I should create distance, not close it.

“It’s okay to be scared.”

“Nooo,” he complained. “I don’t want you to think I’m lame.”

“Never have, never will.” I forced myself to take a step back, and I gestured to the bed. “Get in. We can discuss this in the morning.”

He huffed and pouted to himself.

Adorable.

He crawled under the covers and buried his face in the pillows.

“Don’t tell Chris.” His voice was muffled.

I suppressed a sigh and returned to my side of the bed. He had a skewed impression of Chris sometimes. We’d both worried about Kayden. The last thing Chris would do was make fun of him. Yeah, he could be tactless and crass, put his foot in his mouth easier than I could, but he was a good man. Who was currently in Colombia, trying to intercept the men coming for him instead of waiting for them to reach US soil.

He wasn’t alone, I reminded myself. He had the Beckett brothers with him on the ground, not to mention Quin and Payne in command at home.

After getting under the covers myself, I flicked off the light again and let out a breath.

Chris would be fine. As would Kayden.

I lay there on my back, staring up at the ceiling I couldn’t even see, and acknowledged I might be in way over my head.

Kayden wasn’t too difficult to handle. He was too fucking easy—forme. As long as I didn’t let my mixed emotions get in the way.

I knew how to get through to him, and it wasn’t rocket science. It was just patience and understanding, two things he hadn’t experienced enough from others in life.

Even I had failed, simply because work had taken me away for months at a time, removing any progress we’d made while we’d been under the same roof.

I remembered when Quin had brought Kayden home. It hadn’t really made the news. Yaya had taken in countless foster children for as long as I could remember, and Quin had followed in her footsteps. He’d focused on boys with troubled pasts, and often because social workers had noted possible sexuality-related issues. He’d wanted to help them lose their anger and realize there was still safety in this world—and that they weren’t alone. Some kids had stayed for a few months, some for longer.

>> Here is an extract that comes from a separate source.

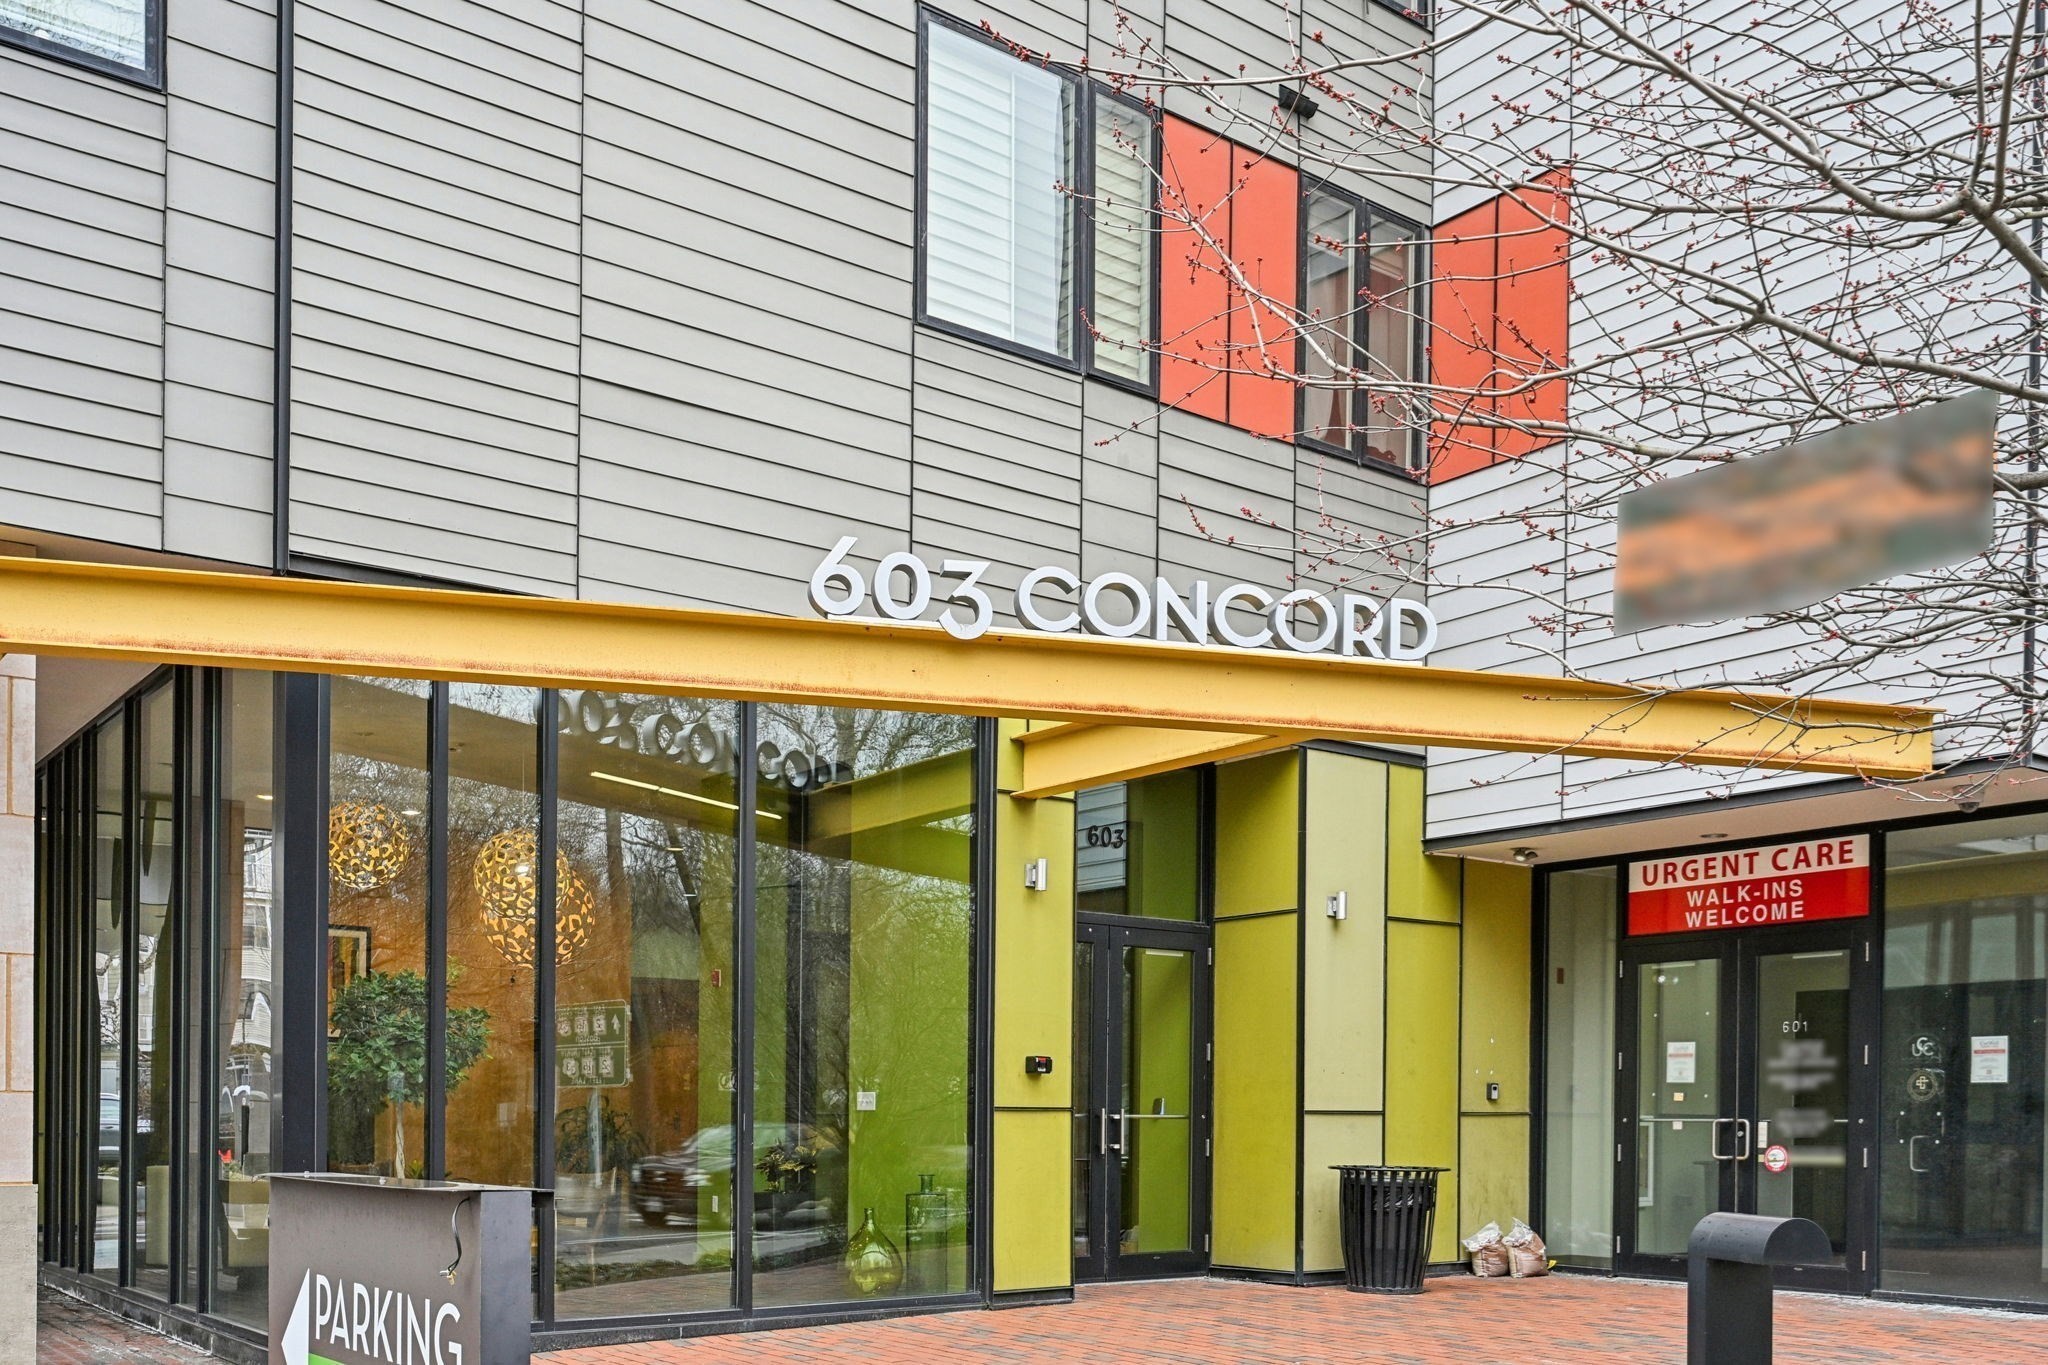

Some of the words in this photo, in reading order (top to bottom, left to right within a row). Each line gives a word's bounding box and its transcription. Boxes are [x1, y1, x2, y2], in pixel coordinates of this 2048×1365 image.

Early on, I’d sensed that Kayden would either stay with us for a couple months, or he’d stay forever. He’d been such an angry young boy, but it hadn’t taken Quin long to dig underneath it to reveal a wounded puppy.

Quin had eventually adopted him, but even then… To this day, I couldn’t shake the feeling that Kayden always had one foot out the door. He was full of contrasts, that one. Desperate to belong, quick to run away.

Quinlan and I wondered if he had a mild form of dyslexia, but Kayden refused to admit it or get answers. There might be more too. We had no idea. We didn’t know if his anger stemmed from an untreated diagnosis or his childhood, where he’d been neglected from a young age.

According to the social worker, Kayden hadn’t been abused in a…traditional sense, and I understood why they’d used that term, but fuck, abuse was abuse in my book. You couldn’t fucking leave a young child on his own for a weekend because you and your drunk hubby had a coupon to an Indian casino.

His case file had been filled with those types of stories, along with bullying, because Kayden had been “too sensitive” and “expressing too much interest in boys his age.”

Under the circumstances, he’d adapted well to a family that gave a fuck, and I wasn’t sure he gave himself enough credit for that. He tended to focus on his issues. When others succeeded in something, he felt like shit for not measuring up.

He’d be the last person to mention that he’d gotten an A in social studies and that he’d taken his high school swim team to Nationals. If Chris dared compliment Kayden on his piano playing, the kid would mumble and walk out of the room.

He’d learned to accept Quin’s affection, and it was certainly reciprocated. Kayden just had his own way of showing it.